Magistrale Baïkal-Amour et son rôle dans la vie des russes
Locomotive diesel 3TE25K2M-0001 avec train de marchandises au chemin de fer Baïkal-Amour. Source: Transmashholding

La BAM est une construction grandiose : un lieu de villégiature pour étudiants, de rencontres romantiques, de ruptures tragiques, mais aussi un lieu où des destins se sont brisés et terminés.

La BAM est toujours entourée de légendes et de mythes. Alors qu’est-ce que c’est au juste ? Juste une longue ligne de chemin de fer ou quelque chose de plus ? Cet article tentera de répondre à cette question.

Comment tout a commencé

L’idée de construire une ligne ferroviaire qui relierait les deux extrémités du pays est née à la fin du XIXe siècle. En 1888, une des expéditions de reconnaissance du Tsar a opéré la première transition de la rivière Lena dans la région d’Irkoutsk au point qui deviendra le terminus de la BAM moderne. Les recherches de l’époque montrent que l’itinéraire choisi pour la future ligne de chemin de fer ne pouvait pas être utilisé à cause de terrains infranchissables et du permafrost.

La prochaine tentative de construire la BAM a été lancé par le Gouvernement soviétique. En 1926, plusieurs itinéraires ont été proposés, les mesures et photographies aériennes (une méthode très moderne à l’époque) nécessaires ont été prises, et enfin, l’itinéraire définitif de la BAM a été fixé : Au nord de la ligne transsibérienne, se sépare à Taïchet, passe la rivière Angara à Bratsk et la Lena à Oust-Kouta, traverse Severobaïkalsk, longe le lac Baïkal par le nord , traverse Tynda, passe la rivière Amour à Komsomolsk-sur-l’Amour et se termine sur la côte pacifique à Sovetskaïa Gavane. Il s’agissait du premier succès, mais aussi de la première petite étape dans la construction gigantesque de la BAM.

Les ouvriers de la BAM ont dû faire face à de nombreux problèmes, par exemple :
– le terrain montagneux et autres obstacles naturels tels que des portions de permafrost, des forêts impénétrables, des marécages, des talus ou la taïga ;
– le manque d’équipements et de soutien technique nécessaires ;
– le manque d’ouvriers (le projet impliquait la participation de 25 000 personnes, mais seulement 2 500 ont véritablement participer ce qui a ralenti la construction de la BAM).

Vue depuis la fenêtre du train (Magistrale Baïkal-Amour)
Vue depuis la fenêtre du train (Magistrale Baïkal-Amour). Source: Wikipedia.

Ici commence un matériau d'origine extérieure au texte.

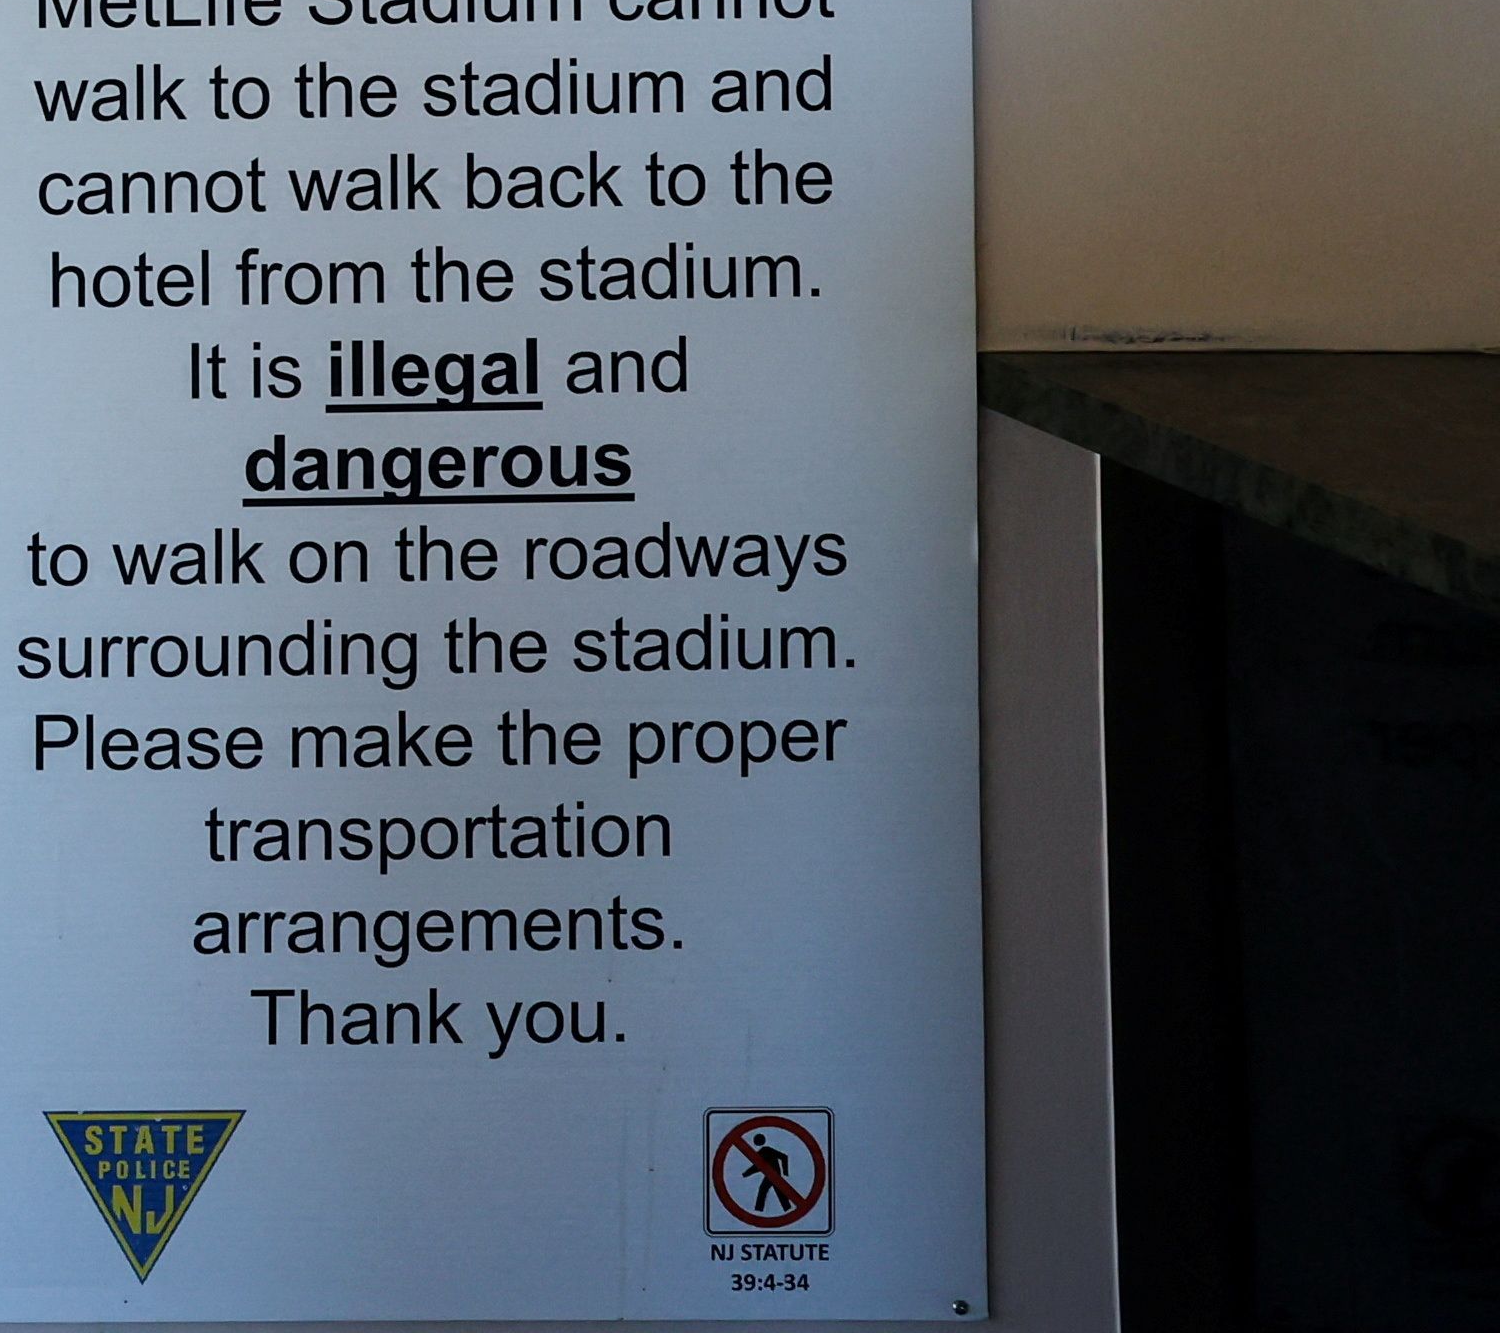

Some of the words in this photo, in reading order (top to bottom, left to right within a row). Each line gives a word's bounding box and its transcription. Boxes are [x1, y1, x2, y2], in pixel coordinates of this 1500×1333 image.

[33, 63, 188, 122] walk
[208, 64, 271, 120] to
[293, 60, 398, 119] the
[423, 57, 684, 118] stadium
[711, 53, 832, 114] and
[38, 156, 267, 216] cannot
[287, 152, 442, 212] walk
[466, 150, 624, 210] back
[644, 151, 706, 207] to
[729, 147, 833, 206] the
[51, 249, 210, 309] hotel
[235, 247, 385, 306] from
[410, 245, 514, 304] the
[539, 241, 821, 302] stadium.
[190, 342, 228, 400] It
[252, 341, 302, 399] is
[324, 337, 544, 409] illegal
[566, 334, 688, 395] and
[241, 434, 636, 503] dangerous
[26, 531, 89, 587] to
[111, 527, 266, 586] walk
[289, 539, 368, 584] on
[394, 524, 498, 583] the
[526, 521, 847, 593] roadways
[17, 618, 418, 691] surrounding
[443, 616, 548, 675] the
[573, 613, 855, 673] stadium.
[35, 713, 264, 771] Please
[291, 710, 473, 769] make
[496, 708, 602, 766] the
[629, 718, 848, 780] proper
[204, 800, 671, 876] transportation
[193, 894, 683, 969] arrangements.
[250, 987, 464, 1046] Thank
[485, 1000, 626, 1060] you.
[84, 1124, 205, 1156] STATE
[98, 1159, 191, 1179] POLICE
[112, 1184, 175, 1234] NJ
[710, 1243, 735, 1261] NJ
[740, 1243, 830, 1262] STATUTE
[731, 1273, 810, 1292] 39:4-34

Les autorités soviétiques ont pu offrir une solution à seulement un des trois problèmes. Pour compenser le manque de main d’œuvre, les « bamlags » (Camp correctionnel Baïkal-Amour, où des prisonniers politiques et dissidents étaient envoyés) ont été ouverts. À cause de leur épuisement physique, ils ne pouvaient, cependant, pas participer pleinement à la construction de la ligne ferroviaire. Les fonctions principales attribuées aux prisonniers des bamlags étaient l’abattage et la transformation d’arbres, et le pavement des routes dans les tronçons difficiles de la Taïga.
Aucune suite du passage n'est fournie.